Items listed in a dataset

════════

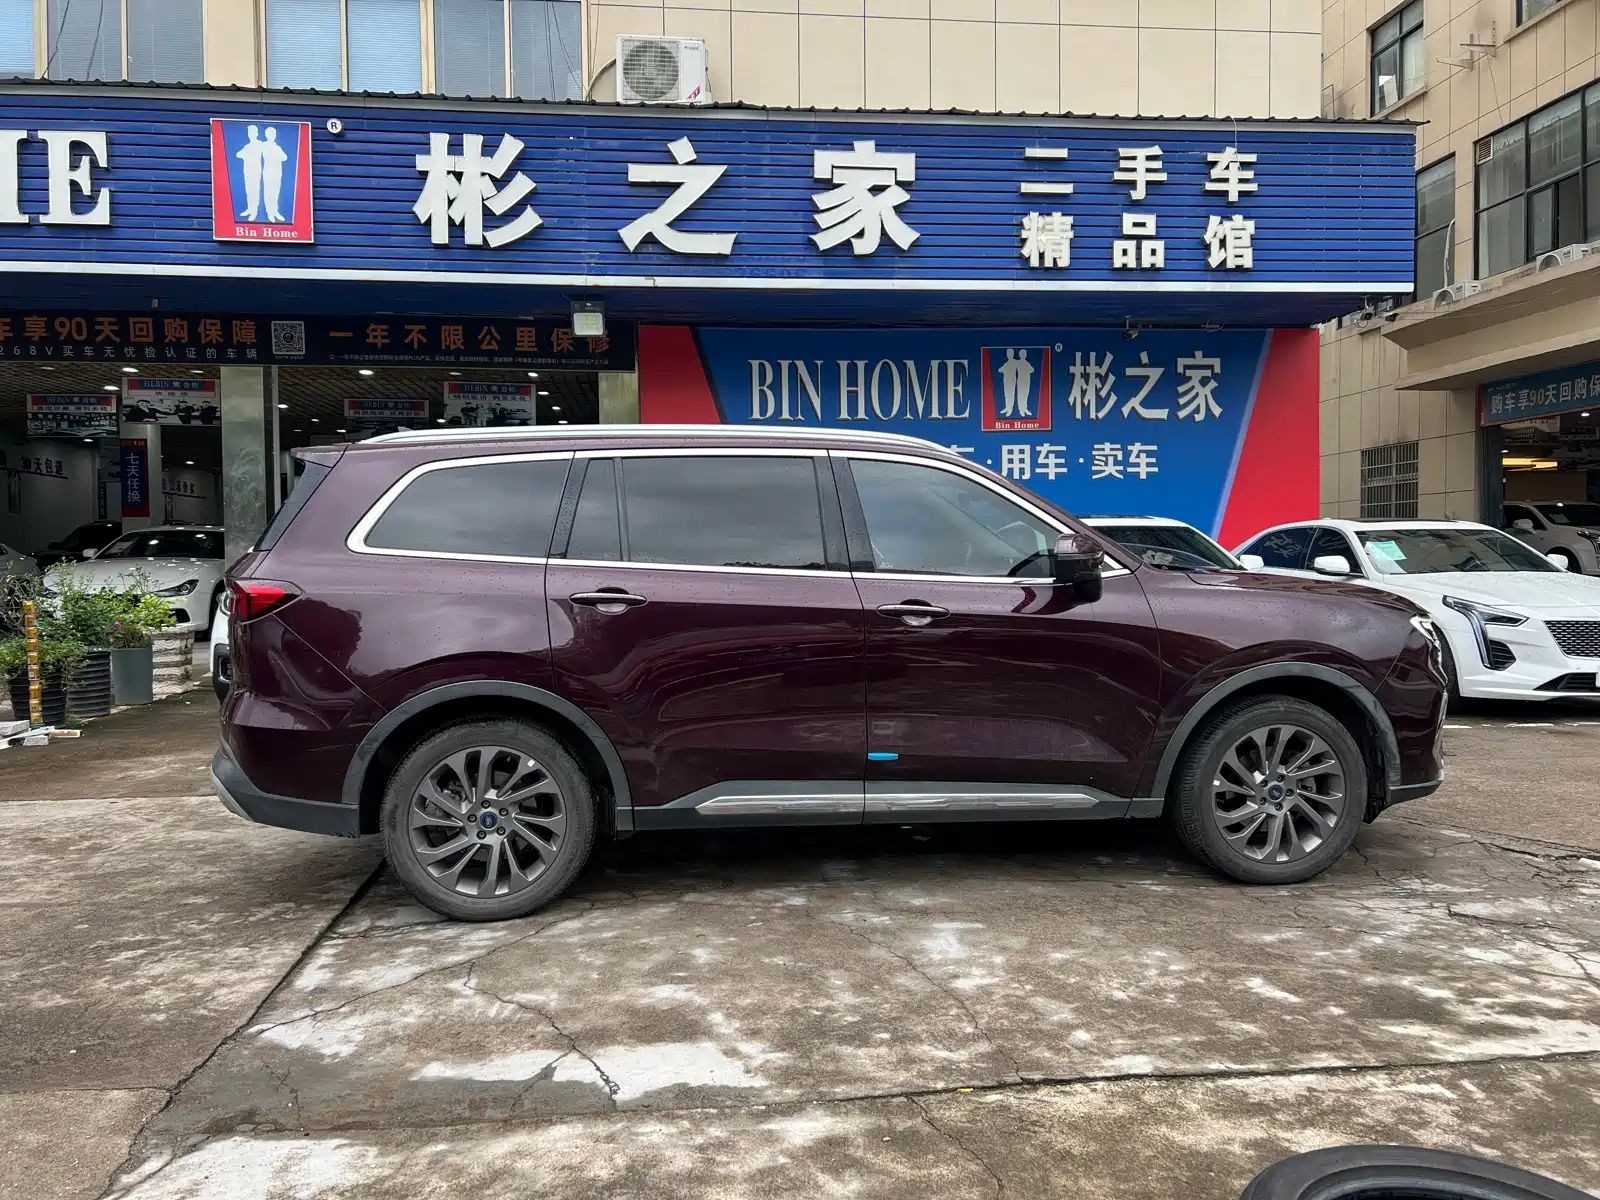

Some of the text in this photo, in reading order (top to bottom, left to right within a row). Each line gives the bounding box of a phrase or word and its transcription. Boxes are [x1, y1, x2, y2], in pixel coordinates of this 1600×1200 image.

[412, 132, 921, 256] 彬之家
[1019, 145, 1259, 203] 二手车
[235, 226, 298, 239] Bin Home
[1020, 211, 1256, 269] 精品馆
[143, 380, 169, 389] HEBIN
[748, 359, 970, 422] BIN HOME
[1067, 350, 1223, 422] 彬之家
[994, 420, 1040, 430] Bin Home
[125, 452, 141, 504] 七天任换
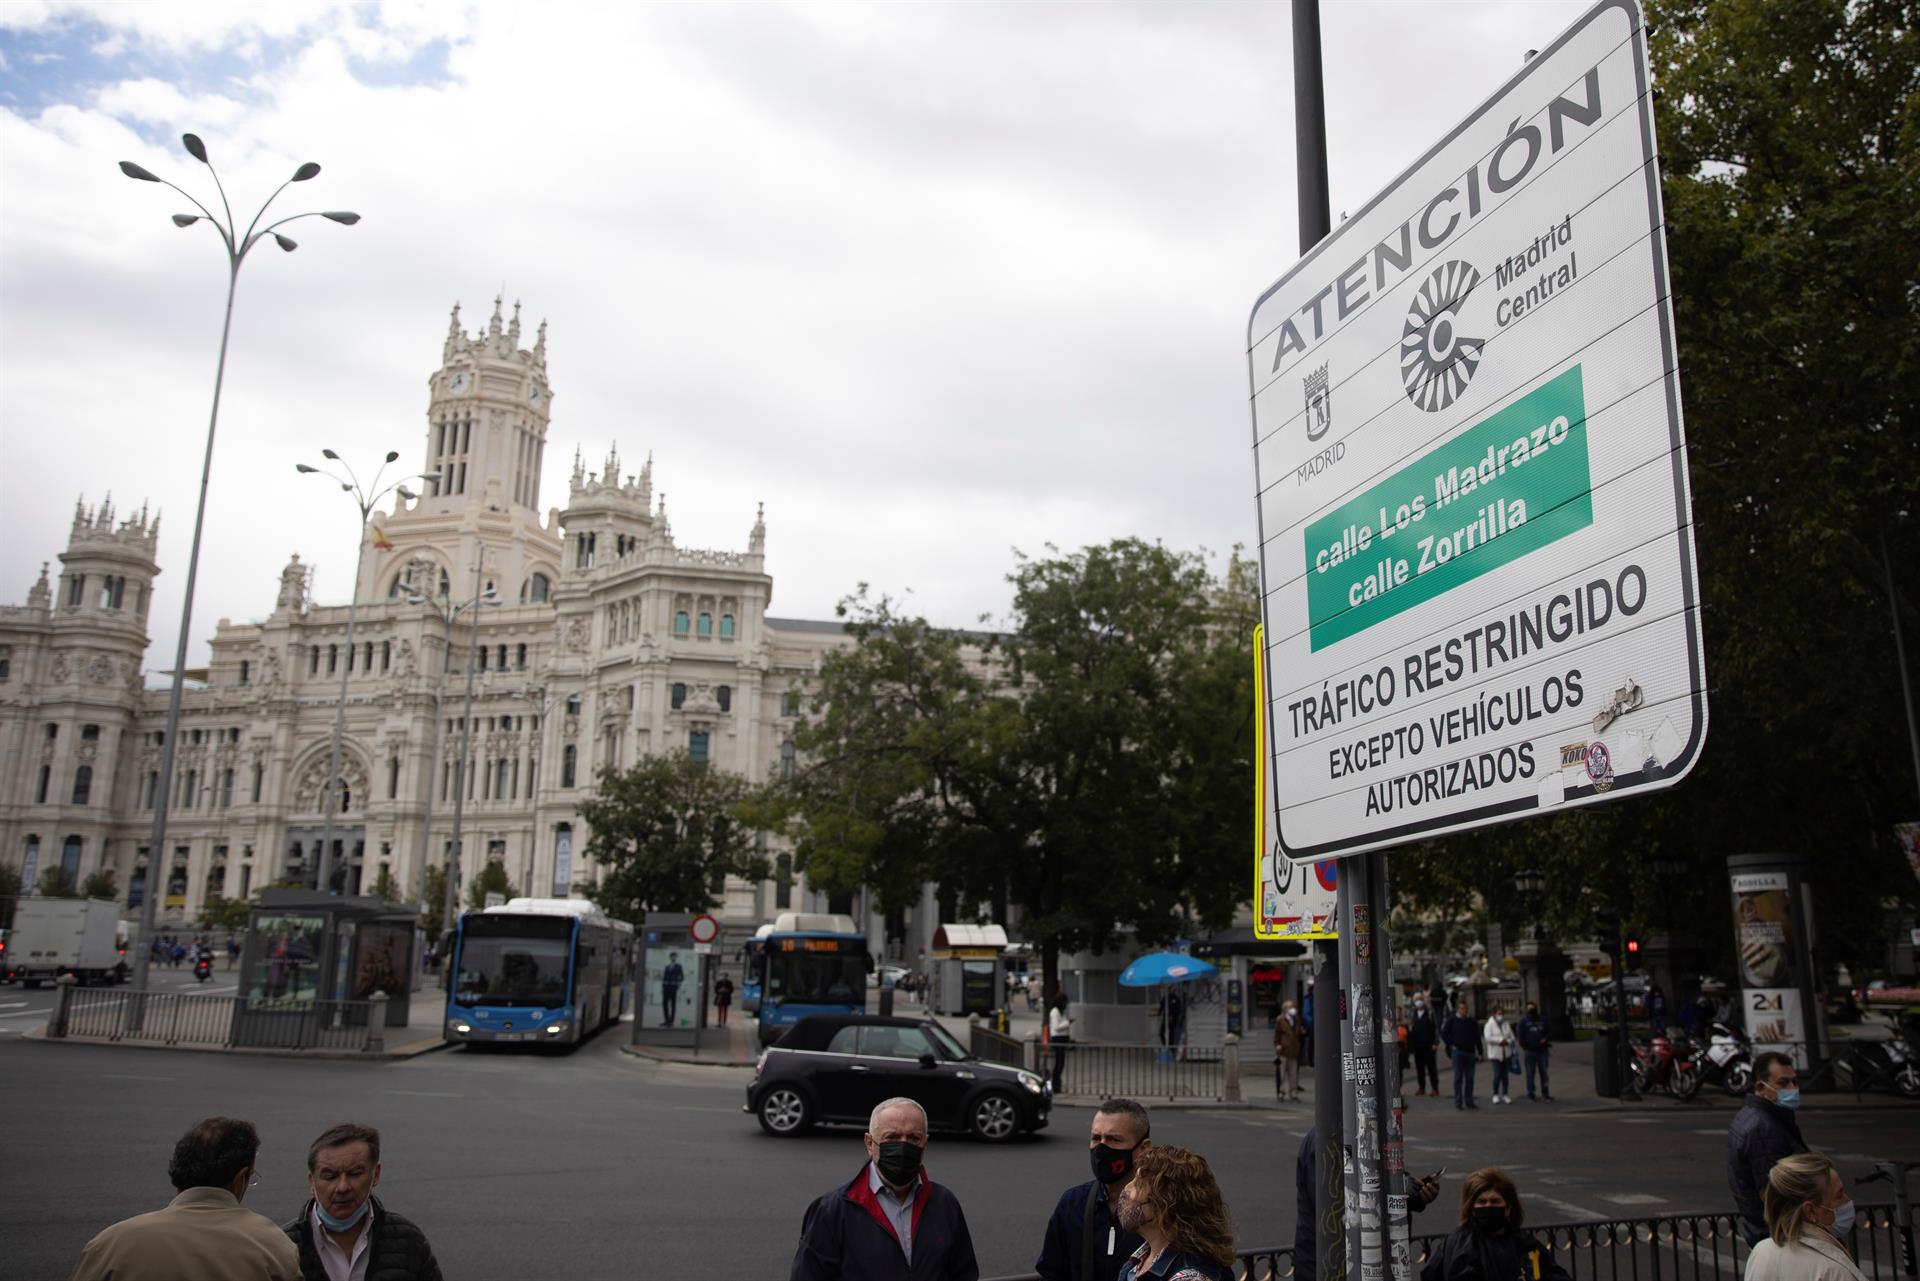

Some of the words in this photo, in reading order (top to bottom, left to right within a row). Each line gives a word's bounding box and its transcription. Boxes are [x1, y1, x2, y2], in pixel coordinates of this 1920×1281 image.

[1272, 67, 1603, 374] ATENCIÓN
[1495, 214, 1572, 291] Madrid
[1496, 252, 1577, 327] Central
[1297, 441, 1346, 487] MADRID
[1316, 522, 1372, 574] calle
[1380, 494, 1425, 541] Los
[1434, 415, 1569, 510] Madrazo
[1349, 557, 1410, 608] calle
[1416, 497, 1527, 572] Zorrilla
[1288, 666, 1396, 740] TRÁFICO
[1404, 564, 1647, 697] RESTRINGIDO
[1329, 722, 1424, 779] EXCEPTO
[1431, 669, 1584, 739] VEHÍCULOS
[1365, 741, 1536, 817] AUTORIZADOS
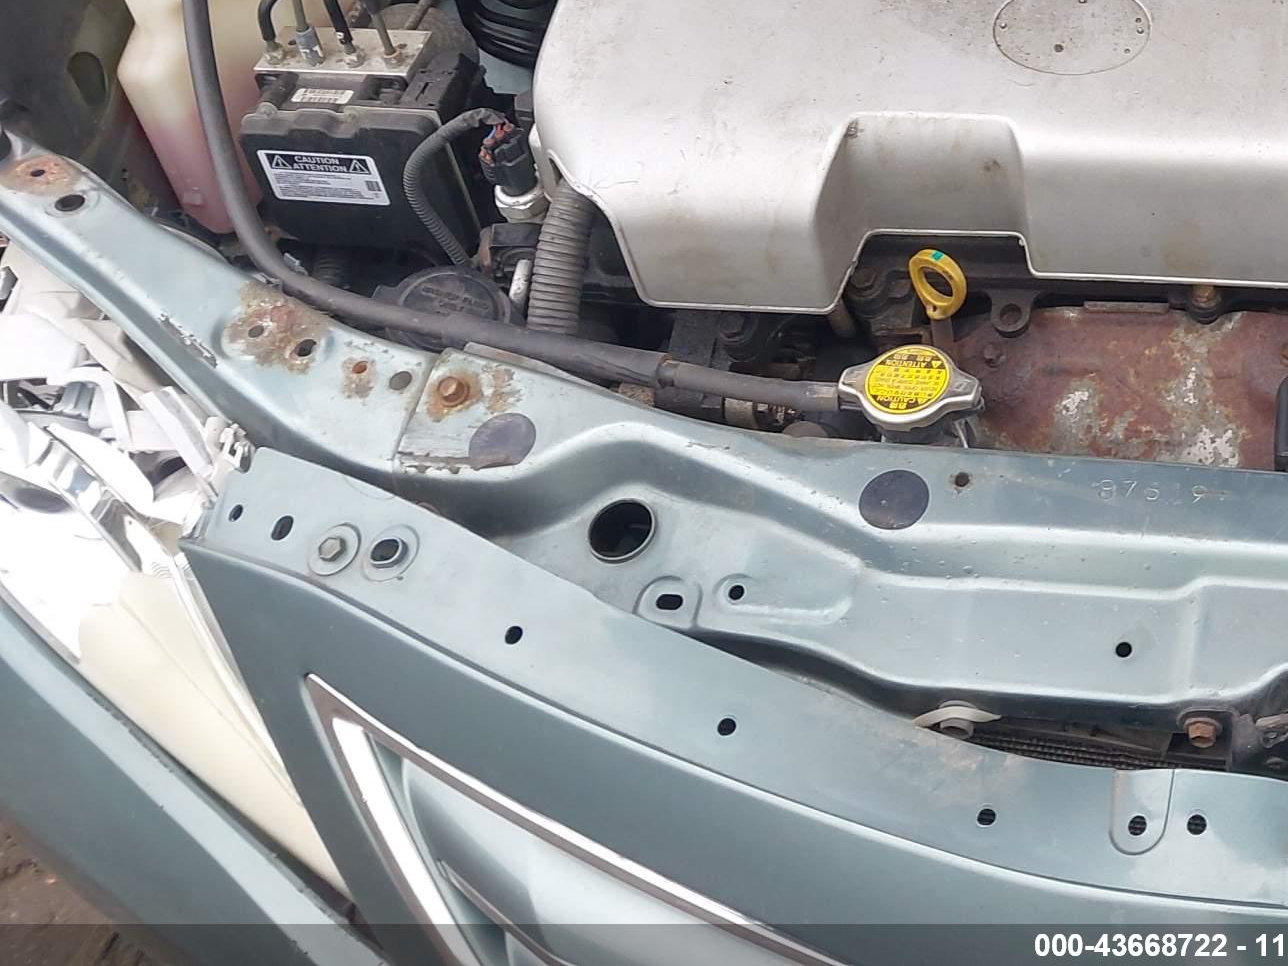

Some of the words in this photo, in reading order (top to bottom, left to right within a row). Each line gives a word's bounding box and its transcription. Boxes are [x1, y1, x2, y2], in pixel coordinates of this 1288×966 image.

════════

▶ _ABOUT THIS TASK_
Each entry above is to be restated exactly, without its images.

▶ _EXERCISE RESPONSE_
Some of the text in this photo, in reading order (top to bottom, left to right within a row). Each line gives the bounding box of a phrase or word and its transcription. Boxes are [x1, y1, x2, y2], in pixel coordinates of this 1600×1200 image.

[412, 132, 921, 256] 彬之家
[1019, 145, 1259, 203] 二手车
[235, 226, 298, 239] Bin Home
[1020, 211, 1256, 269] 精品馆
[143, 380, 169, 389] HEBIN
[748, 359, 970, 422] BIN HOME
[1067, 350, 1223, 422] 彬之家
[994, 420, 1040, 430] Bin Home
[125, 452, 141, 504] 七天任换

Some of the words in this photo, in reading order (top to bottom, left to right within a row). Each line gives a word's bounding box and its transcription. Boxes are [x1, y1, x2, y2], in pixel coordinates of this 1920×1281 image.

[1272, 67, 1603, 374] ATENCIÓN
[1495, 214, 1572, 291] Madrid
[1496, 252, 1577, 327] Central
[1297, 441, 1346, 487] MADRID
[1316, 522, 1372, 574] calle
[1380, 494, 1425, 541] Los
[1434, 415, 1569, 510] Madrazo
[1349, 557, 1410, 608] calle
[1416, 497, 1527, 572] Zorrilla
[1288, 666, 1396, 740] TRÁFICO
[1404, 564, 1647, 697] RESTRINGIDO
[1329, 722, 1424, 779] EXCEPTO
[1431, 669, 1584, 739] VEHÍCULOS
[1365, 741, 1536, 817] AUTORIZADOS

Some of the words in this photo, in reading order (top to bottom, left to right within a row). Each line gives a word's bounding box and its transcription. Boxes are [x1, y1, x2, y2], in pixel coordinates of this 1288×966 image.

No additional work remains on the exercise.